The Berbice farmer who was shot along with a 16-year-old boy on Monday morning while travelling in a boat was transferred to the Georgetown Public Hospital (GPH) yesterday after his condition worsened.

Bijai ‘Rohan’ Ramdass, 31 of 41 Grant 1806 Crabwood Creek (CWC) sustained pellet wounds to his head and back and is suspected to be paralyzed in both feet. The shooting occurred about four miles in the CWC backdam.

Bijai Ramdass

His worker, Hazrat Ibrahim, called ‘Boi’ of 114 Grant 1806 CWC suffered injuries to his side and was discharged from the Skeldon Hospital.

Ramdass was first admitted to the New Amsterdam Hospital. Speaking to this newspaper from the GPH last evening, his wife, Shalita Tejpartab, 22, said the doctors told her that eight of the pellets were lodged in the head and they suspected that there are a few in the backbone.  She said he was still undergoing tests.

His mother, Radhkia Ramdass, 52, told Stabroek News that her son has also lost sight in his right eye and that the other is “going bad” as well. She said her family is living in fear because it was threatened and was distressed that it was not getting “justice.”

She said her son who has two children and another on the way, entered a partnership in a plantain farm with the main attacker but they had a disagreement.

She said the man had tried to stop her son from reaping the plantain but he contacted his lawyer and the police and they advised him to go ahead and reap.

The woman said before the shooting her son and Ibrahim were heading to the farm when they encountered a “hook trap” – with seven fishing hooks attached to a piece of board.

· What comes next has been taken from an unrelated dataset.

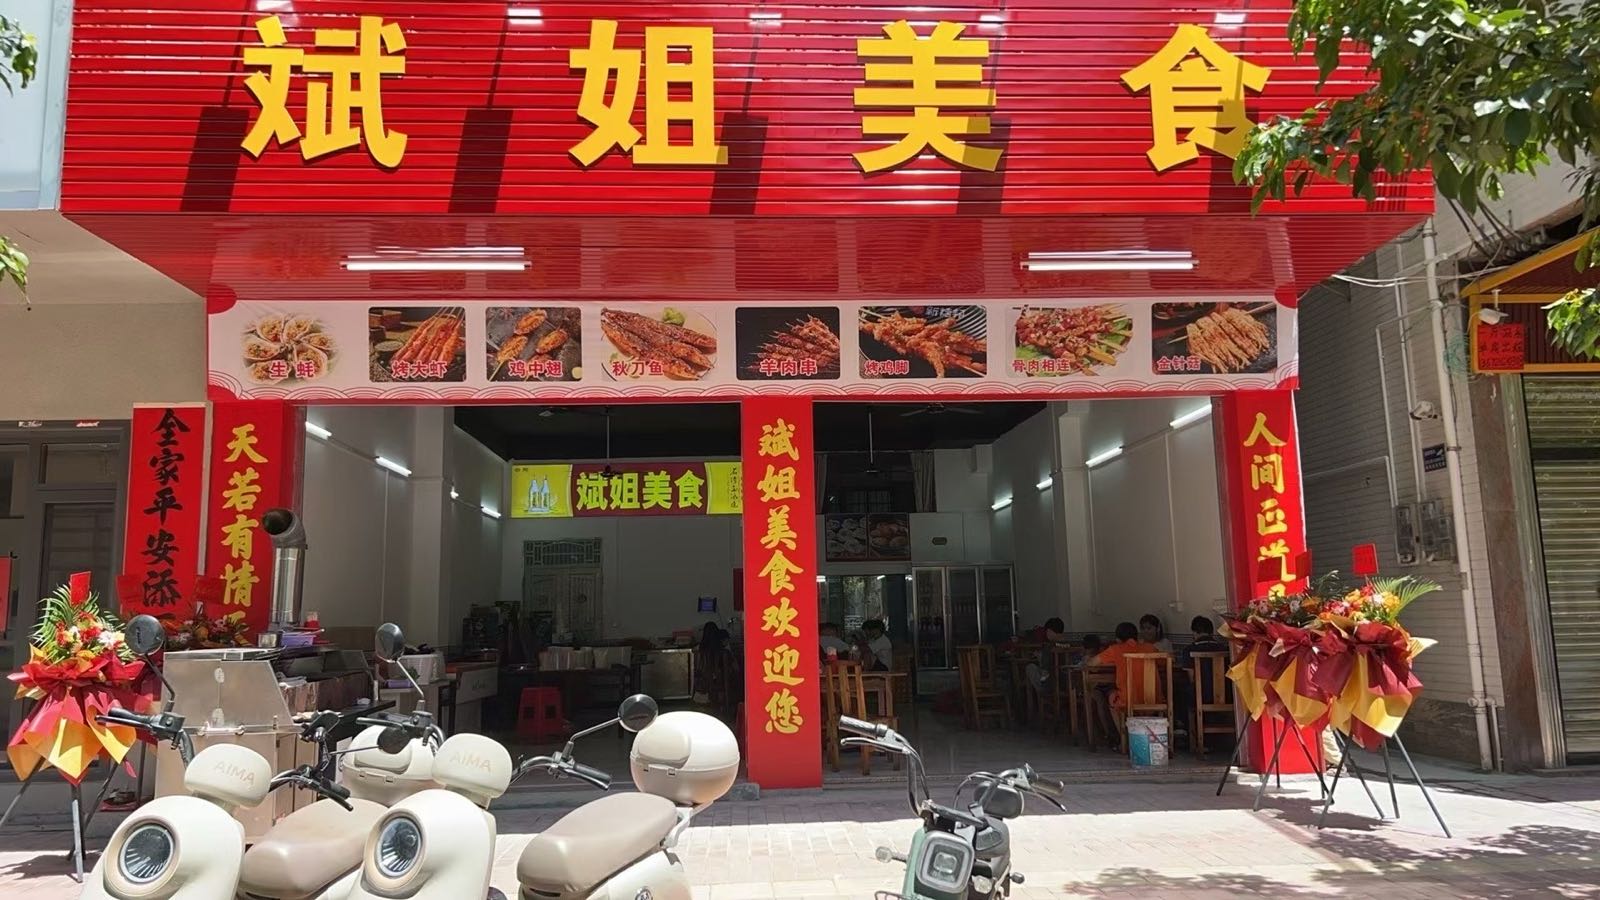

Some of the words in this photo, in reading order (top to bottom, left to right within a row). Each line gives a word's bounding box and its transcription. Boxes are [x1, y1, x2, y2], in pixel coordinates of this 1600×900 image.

Ibrahim’s foot got caught in the trap and he was in severe pain and temporarily unable to walk. Ramdass then phoned his older brother, Anand to assist him to pull his aluminium boat, with a 15-hp engine attached, over the canal so he could take the boy to the hospital.

Anand told this newspaper that after helping him, he left on his motorcycle as his brother and Ibrahim headed out in the canal with the boat. He was about one mile from the road when the suspected main attacker along with three other men asked him for his brother and he responded that they were coming in the boat.

When the boat approached the suspects whipped out the gun and Anand begged them not to kill his brother but saw when they fired a shot which hit him and “blood started to spray.”

Ibrahim managed to jump out of the boat and Ramdass told him and Anand to run for their lives. His boat then capsized and he disappeared under the water and the attackers believed that he was dead.

The men were then in hot pursuit of Anand and the boy, firing shots in the process. One of the shots hit Ibrahim and he fell and pretended to be dead. They then continued to follow Anand and fired three shots at him but he managed to escape.

Ibrahim told this newspaper that he went back to help Ramdass who had clung tightly to the bush at the edge of the river. He could not pull him out and ran to Ramdass’ home to inform his parents that he was still alive.

The boy was taken to the police station and then the hospital. Anand said his motorcycle had disappeared by the time he went back to retrieve it.

He said that was the third time the men attacked his brother but nothing was ever done about it. The family is pleading for justice because they fear for their lives.